With that as background, I looked back at some power files, and in particular focused on workouts around the same time in 2007 – last week of October or first week of November 2007. I wanted to see how a workout from that time on regular cranks compares to the Powercrank workout I had this past week. Both sessions were 2x20 L4 sessions. Looking at the file from 2007, it certainly looks like I used a different route as this week, but nonetheless the important aspect is the overall power profile. Similar rest periods between intervals were used.
I’ve taken the liberty of averaging the power data to smooth it out. The plots below for power represent a rolling average over 18 seconds. The blue curve marked P1 is from late October 2007 on regular cranks. The pink one labeled P2 is from early November 2008 on Powercranks. The first Powercrank interval got a little buggered up 18 minutes in due to a schoolbus interfering with the interval. Both intervals are pretty darn close to each other.

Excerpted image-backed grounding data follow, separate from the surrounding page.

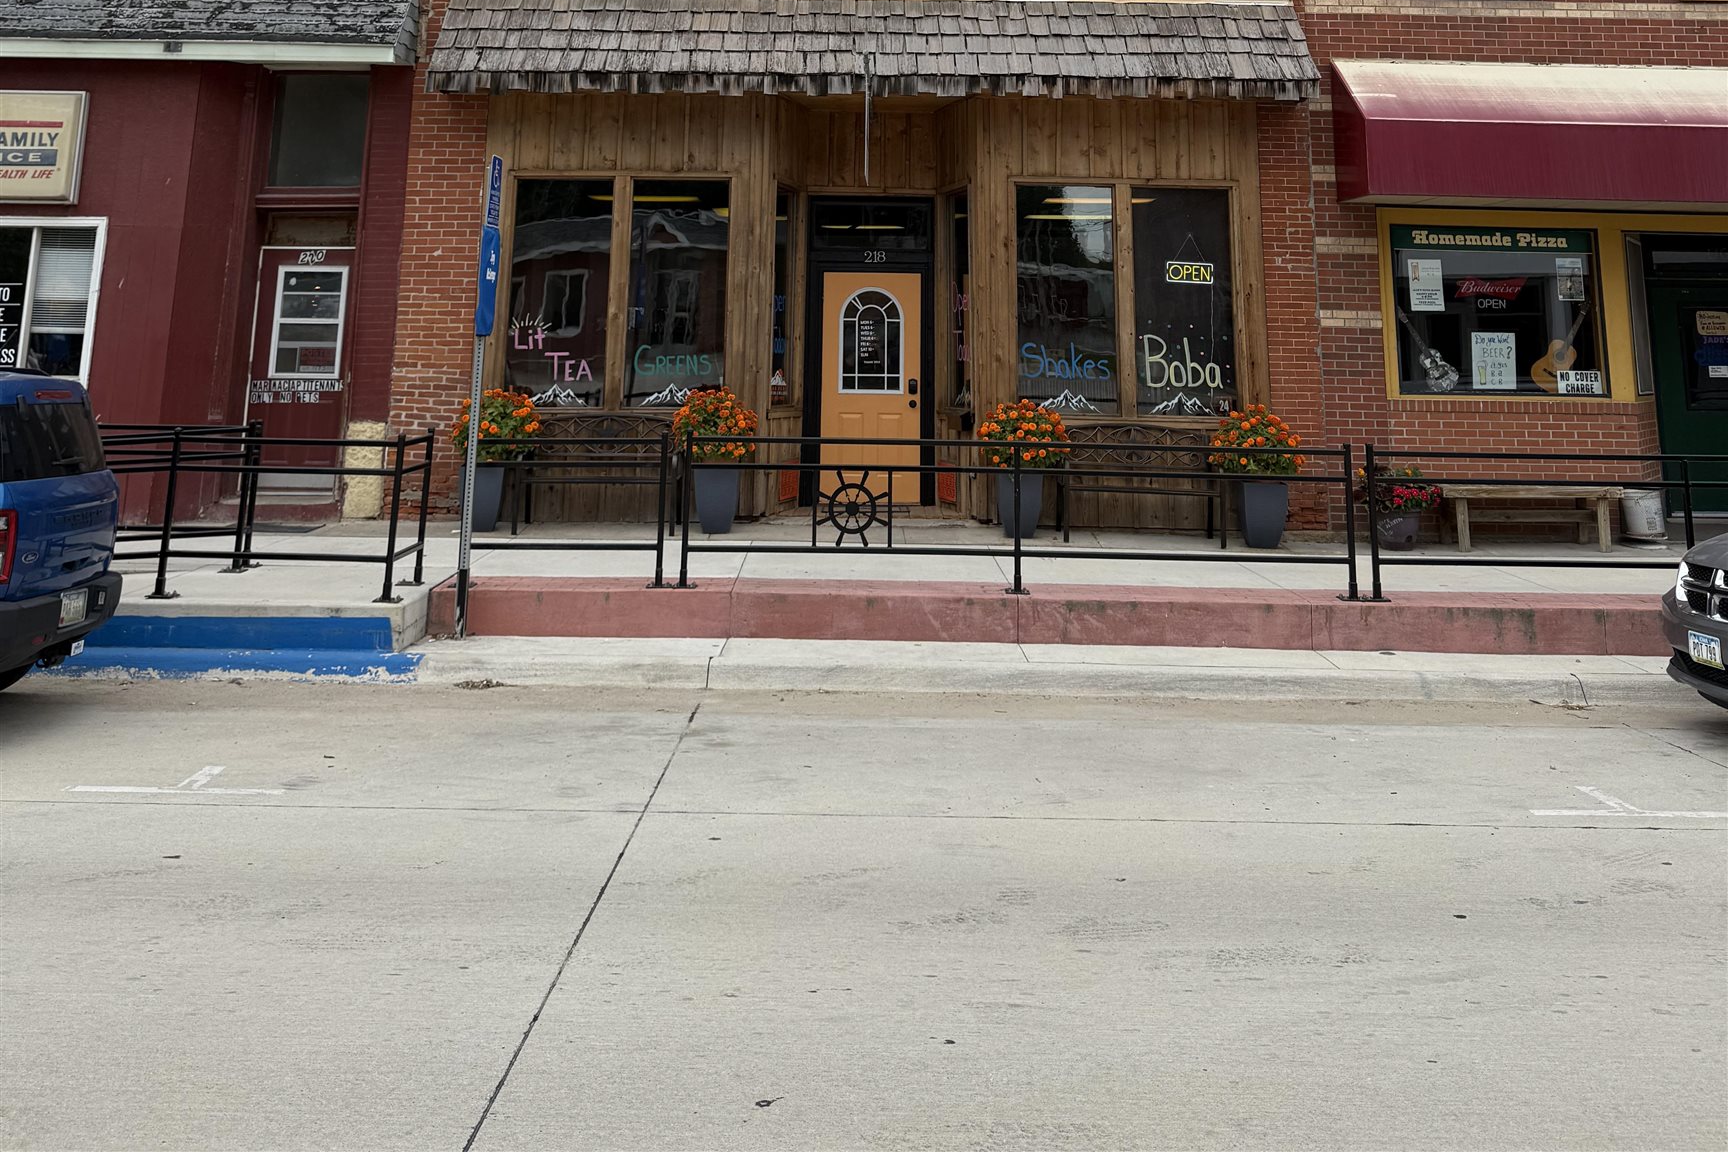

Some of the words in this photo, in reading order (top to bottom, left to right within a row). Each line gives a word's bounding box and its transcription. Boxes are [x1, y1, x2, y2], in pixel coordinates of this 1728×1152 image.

[31, 169, 55, 179] LIFE
[1411, 230, 1512, 246] Homemade
[1516, 233, 1568, 248] Pizza
[299, 249, 326, 264] 220
[864, 250, 886, 263] 218
[1168, 264, 1211, 281] OPEN
[1456, 280, 1521, 294] Budweiser
[1477, 298, 1507, 309] OPEN
[514, 327, 546, 349] Lit
[1474, 334, 1485, 345] Do
[544, 352, 593, 381] TEA
[634, 345, 711, 376] GREENS
[1020, 342, 1111, 381] Shakes
[1143, 334, 1223, 389] Boba
[1560, 372, 1570, 382] NO
[1574, 372, 1600, 382] COVER
[1565, 383, 1595, 393] CHARGE
[251, 392, 273, 403] ONLY
[280, 392, 292, 403] NO
[296, 392, 319, 403] PETS
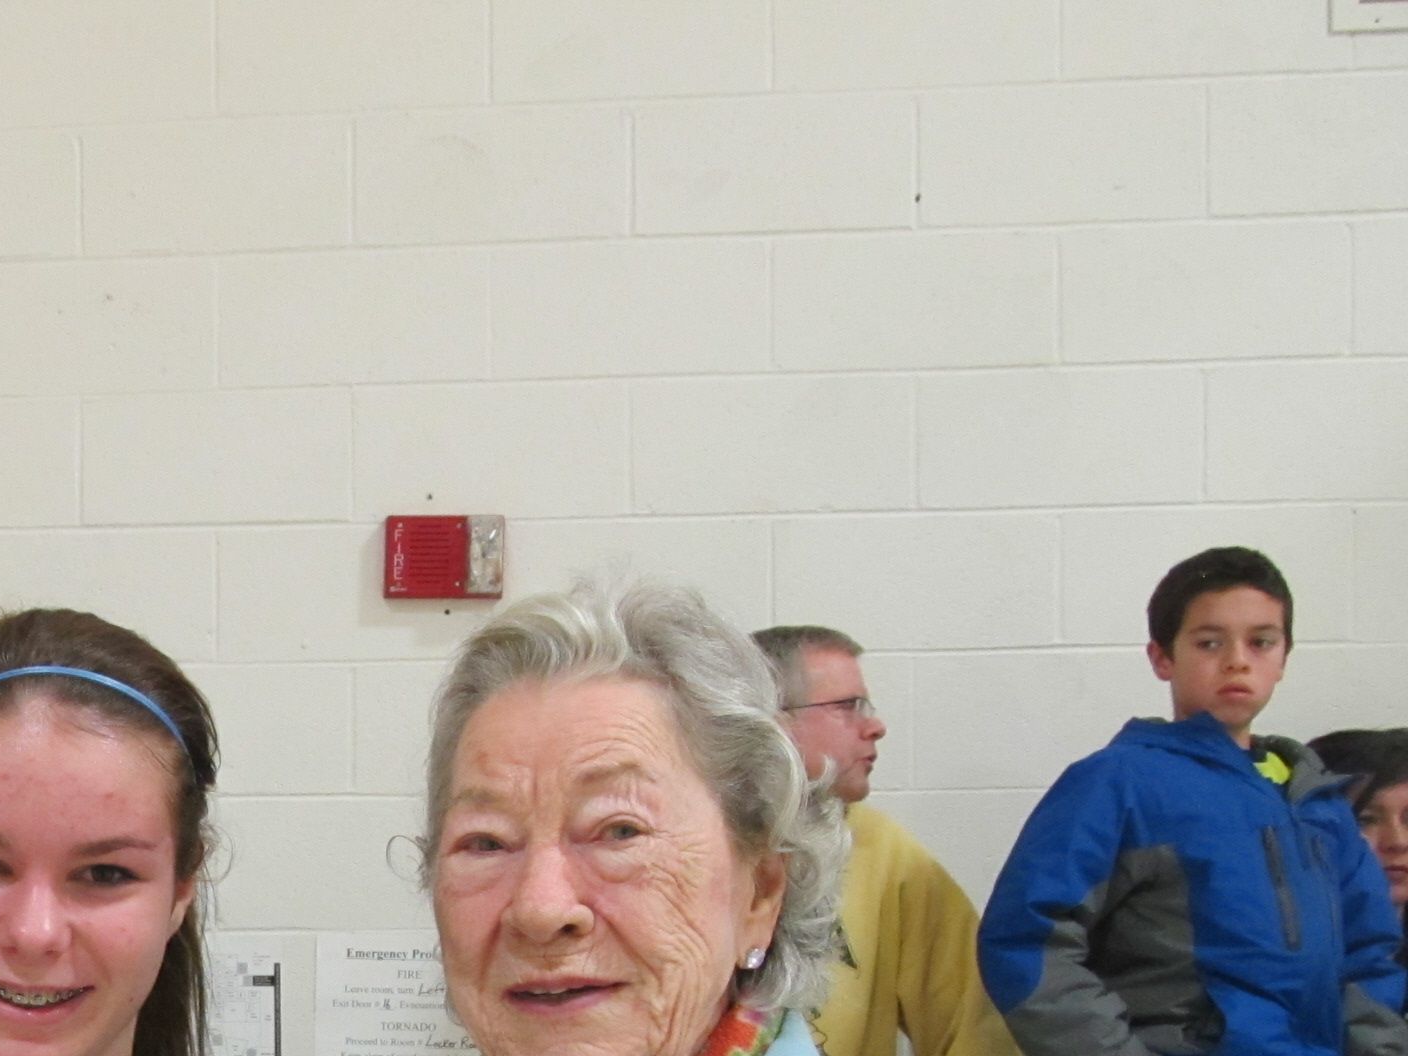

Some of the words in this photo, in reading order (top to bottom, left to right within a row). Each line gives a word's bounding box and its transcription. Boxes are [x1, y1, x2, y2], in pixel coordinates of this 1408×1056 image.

[393, 529, 404, 580] FIRE
[347, 948, 408, 961] Emergency
[412, 949, 434, 960] Pro
[397, 969, 424, 980] FIRE
[345, 985, 368, 995] Leave
[332, 999, 349, 1008] Exit
[351, 999, 372, 1009] Door
[381, 1021, 437, 1032] TORNADO

You can tell these 2 rides are awfully similar when you look at the average and normalized powers for the intervals. The table below shows that the intervals on regular and Powercranks were virtually the same. The first interval had the same average power, and the normalized power is just 3 W off, about 1% different. Same for the second intervals, and those both saw about a 3-4% drop off from the first. The most striking data is the cadence. I didn’t realize just how low the cadence was dropping on the PCs.
The thing to really take out of this is how you can train the higher workout levels with Powercranks. There was no degradation in quality of the session based strictly on the data.